** Exercise aim **
The entries are to be given back verbatim; no picture is to be copied.

[Text-to-region grounding data]
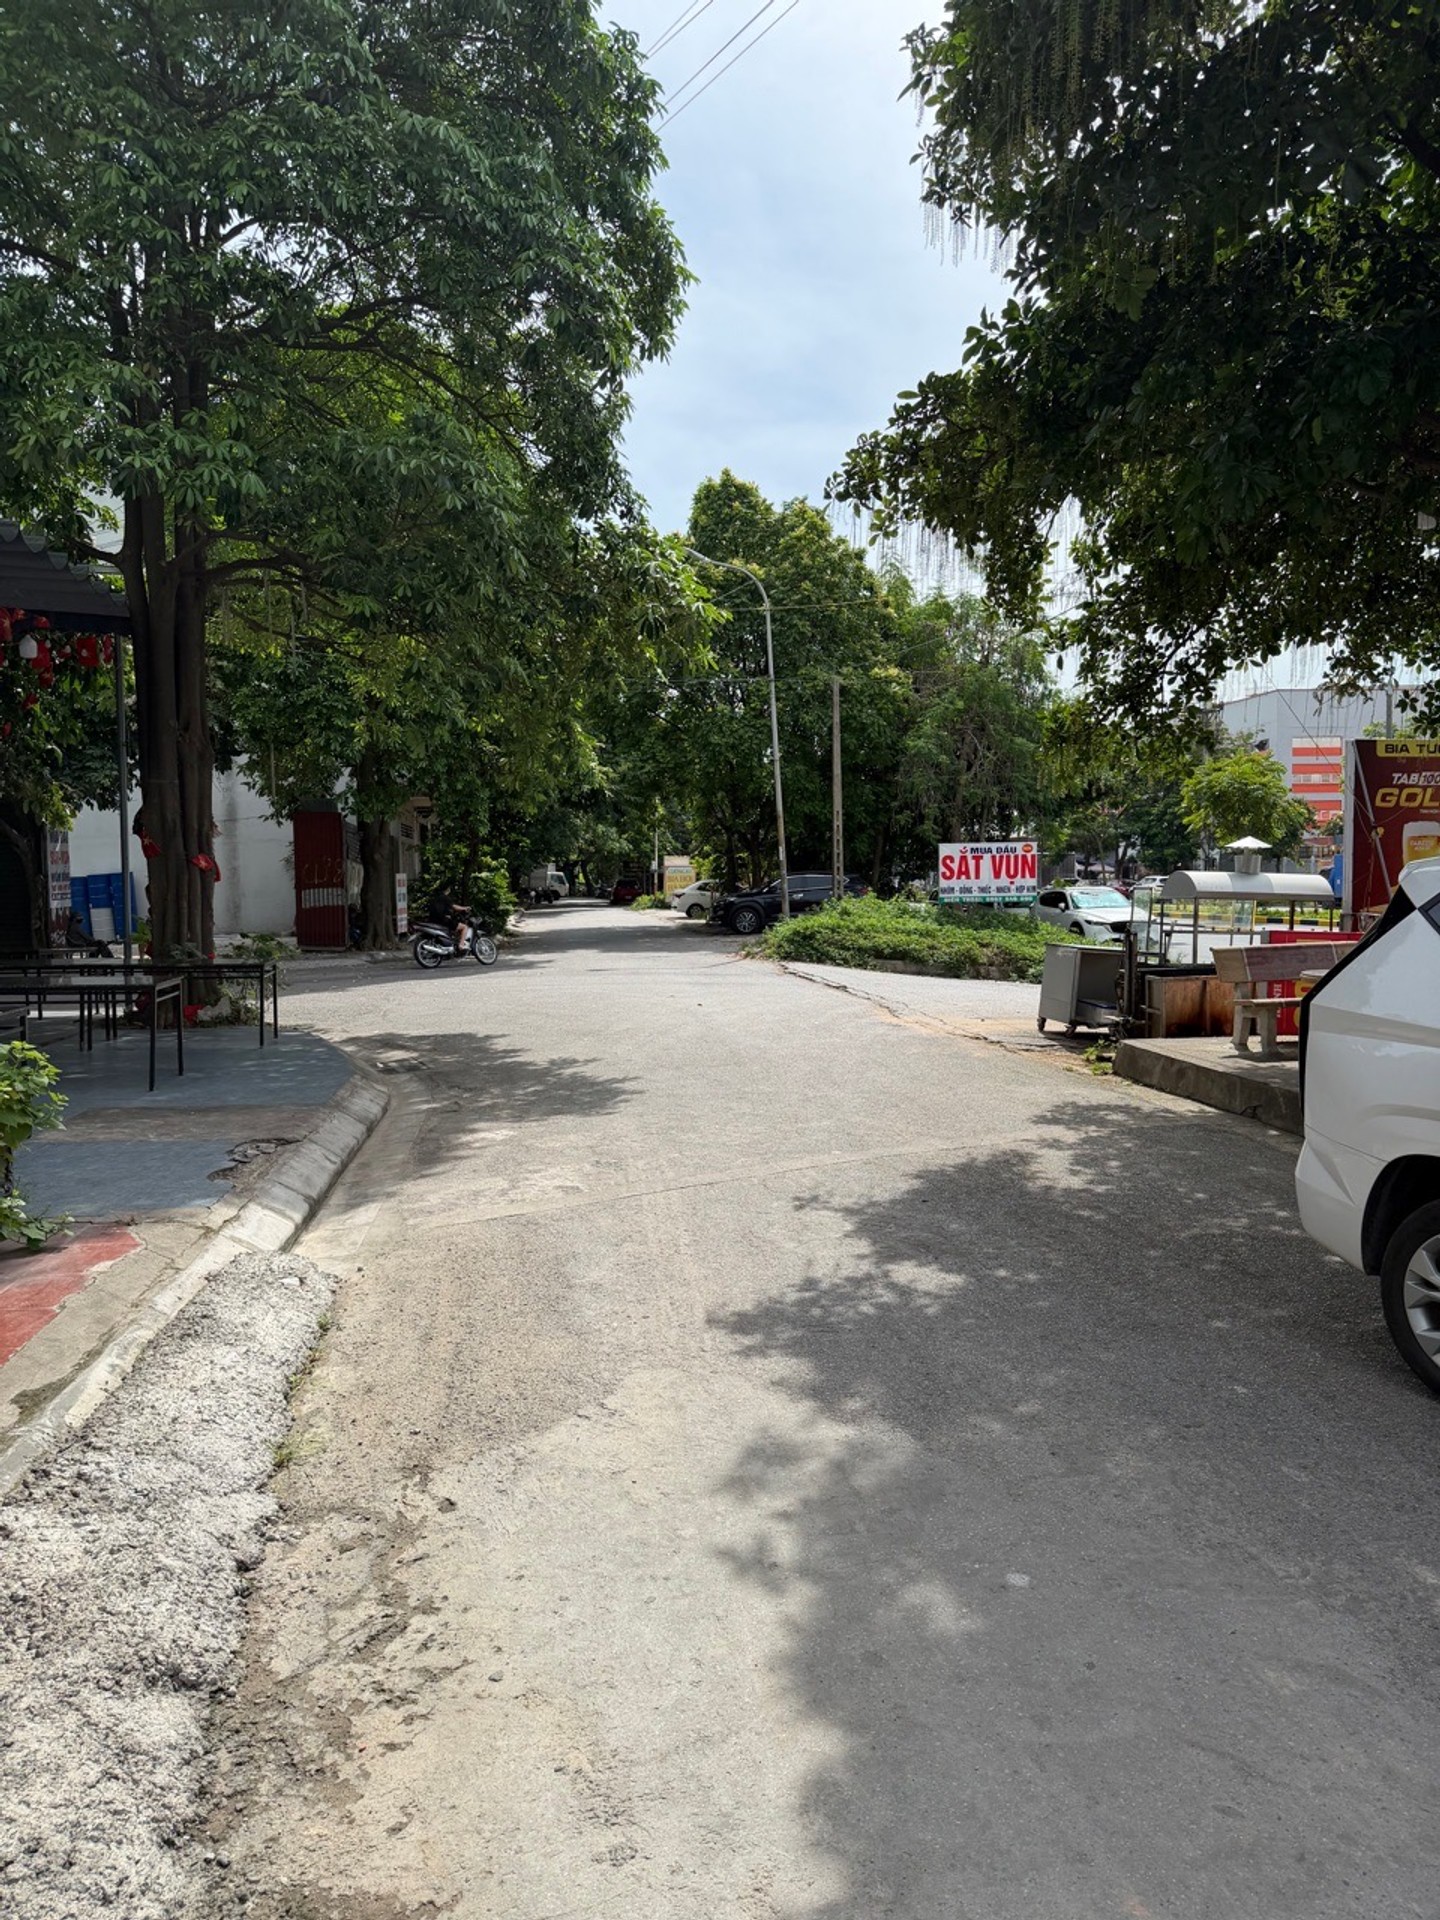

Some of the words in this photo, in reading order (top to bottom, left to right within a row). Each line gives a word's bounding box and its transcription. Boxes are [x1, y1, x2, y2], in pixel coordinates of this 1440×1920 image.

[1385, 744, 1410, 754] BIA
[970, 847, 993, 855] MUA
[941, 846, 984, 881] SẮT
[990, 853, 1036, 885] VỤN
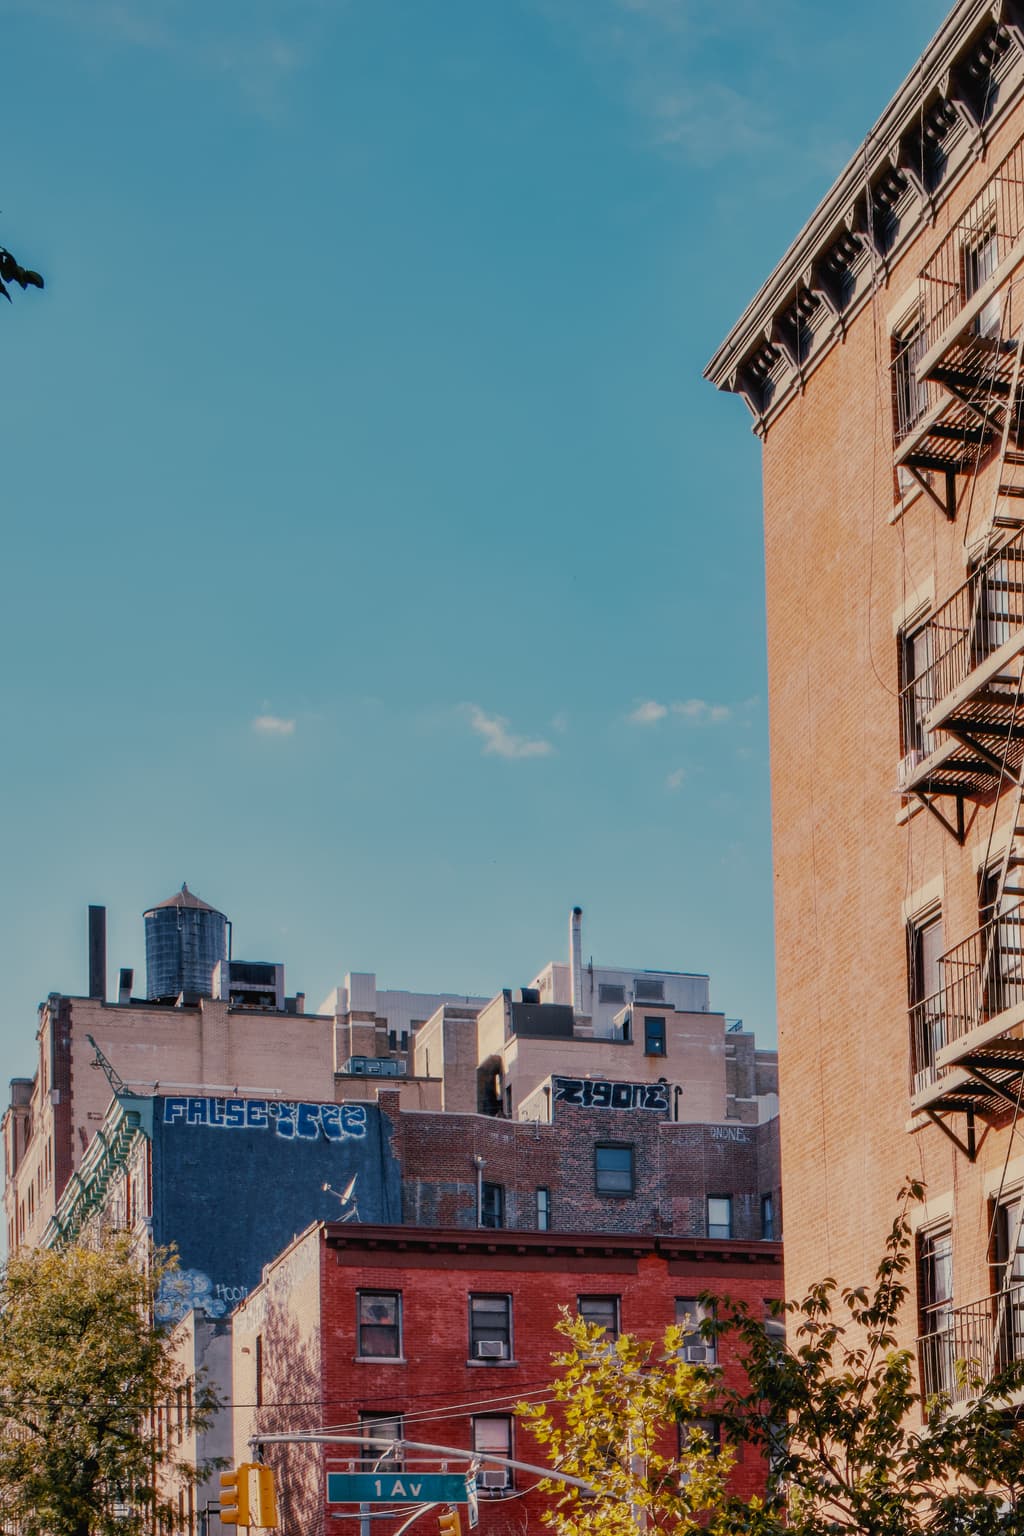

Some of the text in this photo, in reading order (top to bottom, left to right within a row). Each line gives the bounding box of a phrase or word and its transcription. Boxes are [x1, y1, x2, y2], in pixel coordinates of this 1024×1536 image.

** Response to this task **
Some of the words in this photo, in reading order (top to bottom, left to right within a row). Each line gives a word's bounding box and its transcription. Boxes are [x1, y1, x2, y2], in pixel coordinates of this 1440×1920 image.

[1385, 744, 1410, 754] BIA
[970, 847, 993, 855] MUA
[941, 846, 984, 881] SẮT
[990, 853, 1036, 885] VỤN

Some of the text in this photo, in reading order (top to bottom, left to right within a row). Each line gives the bounding box of a phrase or word and its transcription. Boxes are [x1, y1, x2, y2], in pixel coordinates of this 1024×1536 image.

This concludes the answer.